The Most Expensive Photo in Motocross History
By
In the spring of 1997, a mysterious 4×6-in. snapshot of Ricky Carmichael showed up in Oakley’s marketing department. Nobody knew who took the photo, yet it became a key marketing asset.
With a camera slung over his shoulder, David St. Onge walked down an arena hallway looking for something to shoot, something worthy of a magazine’s cover. At least that was the dream goal. St. Onge had press credentials for his first professional race, round six of the 1997/98 PJ1 Arenacross Series in Hampton, Virginia.
He didn’t get a cover that weekend, however, not even an inset photo. Instead, on his walk, he found something even more unexpected; one of his photographs already on the cover of a magazine.
Although black and white and cropped, it was unmistakably a photo of Ricky Carmichael that he captured nine months earlier from the seats of the 1997 Pontiac Supercross, the very first stadium race he ever attended. Still 15 feet away from the vendor’s magazine rack, he froze and stared.
Other than the hundreds of blurry bodies seated in the background, the only subject was 17-year-old Carmichael on a KX125. His bike looked so flat a layman wouldn’t be able to tell a motorcycle was even in the picture. The front wheel turned ever-so-slightly upward. The left end of the handlebar stabbed at the ground and Carmichael’s arm stretched out so far he appeared to be losing his grip. He looked calm in the air; his head and torso twisted to the right, revealing the name and number on his jersey and a black goggle strap with the recognizable elongated “O” logo of Oakley. In a loud, chaotic, dirty and often brutal sport, this photo represented complete serenity. Behind Carmichael was nothing but crowd, yet their shades of gray more resembled paintbrush strokes or a close-up of a sonogram than people.
St. Onge approached the rack and pulled out the title, Racer X Illustrated. The hair on his arms stood up, he felt his face get hot and his head spin trying to process the thoughts. His photo wasn’t really on the cover. The cover was a photo of his photo, which was… is that an Oakley advertisement? It that a billboard?
David St. Onge was a one hit wonder and nobody knew his name.
Better Late Than Never
St. Onge didn’t ride his first motorcycle until his late 20s, around 1995. “I was terrible, but I really enjoyed it,” he said. “I had too much fear to be a good racer.” He fell in love with motocross and followed the sport on ESPN. A self-employed audio engineer/producer from Ransomville, New York (north of Buffalo) he became interested in photography shortly after discovering dirt bikes. For Christmas 1996, he bought his wife a Canon Rebel G, a prosumer grade 35mm camera, yet he found himself using the gear more than she did.
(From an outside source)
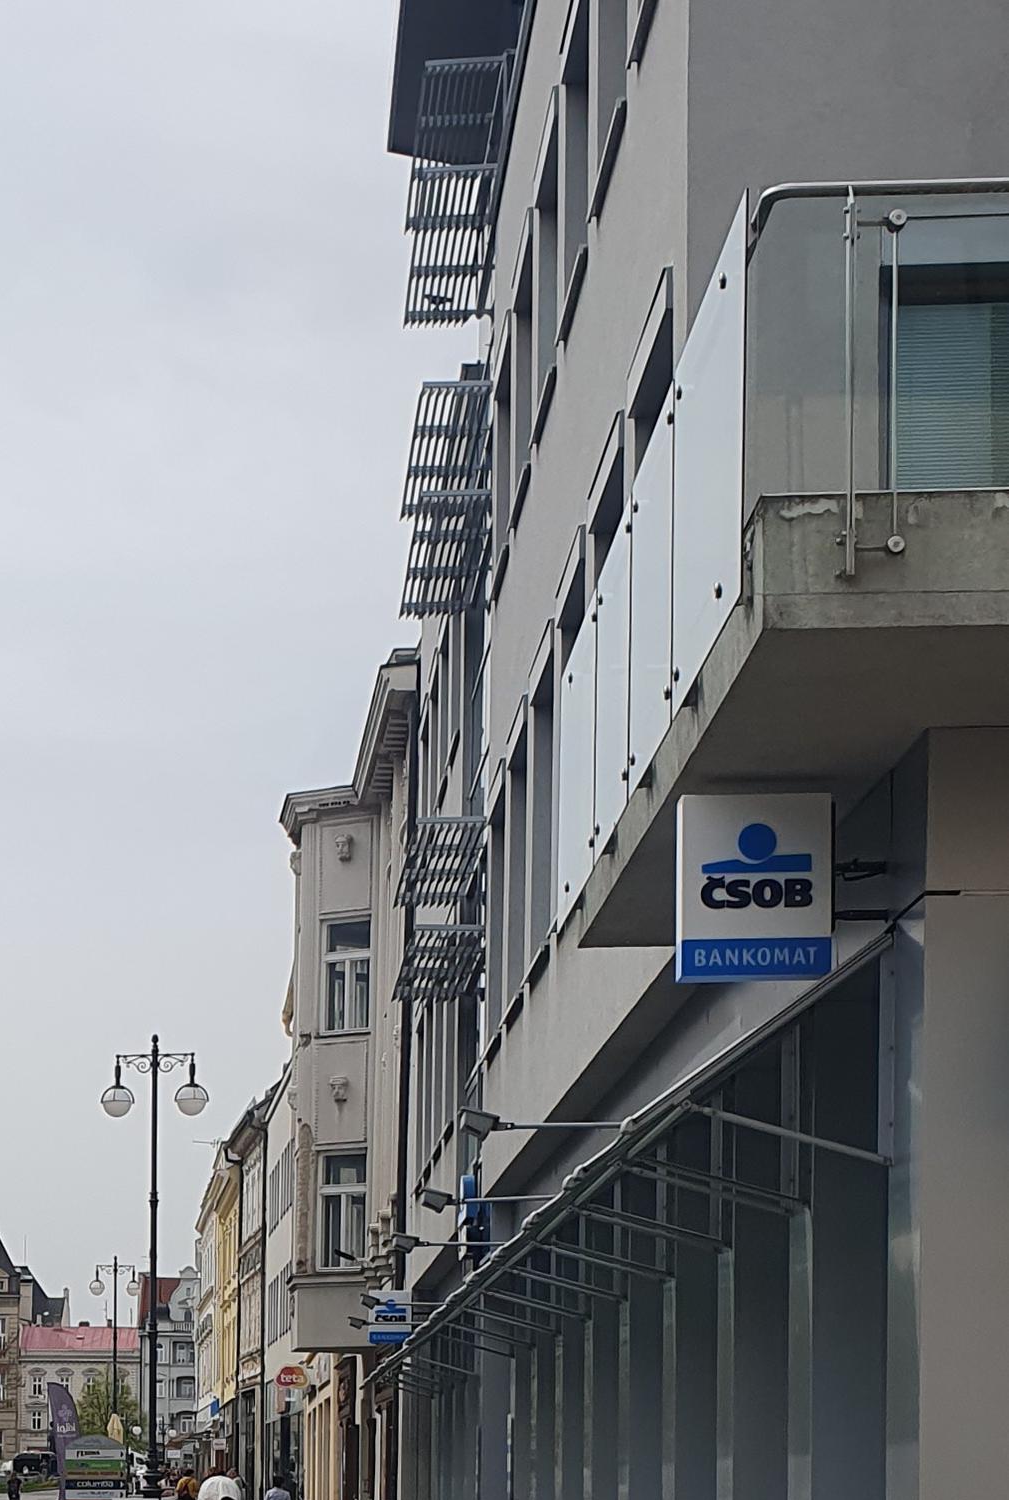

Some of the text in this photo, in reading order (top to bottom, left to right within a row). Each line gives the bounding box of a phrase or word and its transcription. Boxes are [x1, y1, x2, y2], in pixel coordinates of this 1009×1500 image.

He absorbed the knowledge in the manuals and trade journals, studied the technical aspects of the equipment and craft, and practiced every chance he got.
In April 1997 he cut through Canada to attend the Pontiac Supercross. He brought along the camera, a 75-300mm telephoto lens and four to five 36-exposure rolls of Kodak Royal Gold 1000 speed film. He shot along the railing during afternoon practice but spent the evening in the lower bowl of the Pontiac Silverdome shooting from his seat. He believes it was the 17th row.
At the end of the second 125cc heat race, St. Onge followed Carmichael through the viewfinder as he approached the finish line and–click–took exactly one photo of the kid in the air. Laying the bike flat after a heat race win summed up Carmichael’s rookie season; completely unpredictable. “Man, I think I might have got something there,” St. Onge thought to himself. “I think I might have got a good shot.”
Carmichael remembers the whip. The Pontiac course looked more like a rough motocross track and he can still see the ruts up the face of the finish. “I’m lucky that I didn’t wreck,” he said. “I landed and I’m like, ‘I can’t believe I pulled that off.’”
A few days later, St. Onge sat in his car in the parking lot of a Tops grocery store. He flipped through the stack of developed color 4×6 prints, the first images he ever shot of an event. He didn’t have the critical eye of a seasoned artist. He still had genuine excitement for all of his photos. But then he stopped at the Carmichael shot. “Okay, that’s pretty cool,” he said to himself in the parking lot.
The Shot of a Lifetime
The photo is perfectly timed; Carmichael is at peak pancake, the exact mid-point of his whip. The original (and uncropped) version has, depending on personal aesthetic tastes, more visual clutter. Carmichael is still the focus but there’s so much else to see. The crowd is more discernible; facial expressions can’t be read but actions can. Everyone sat at ease, focused on Carmichael. The white hole of a flashbulb in the upper left corner indicates at least one other fan captured this exact moment as well. The bottom half of the photo is the stadium floor filled with piles of dirt and frumpy looking haybale covers. Four of the five flaggers craned their necks to look up at Carmichael. One offered him the ‘hang ten’ gesture. A photographer aimed his lens upward but not at a steep enough angle to shoot the winner.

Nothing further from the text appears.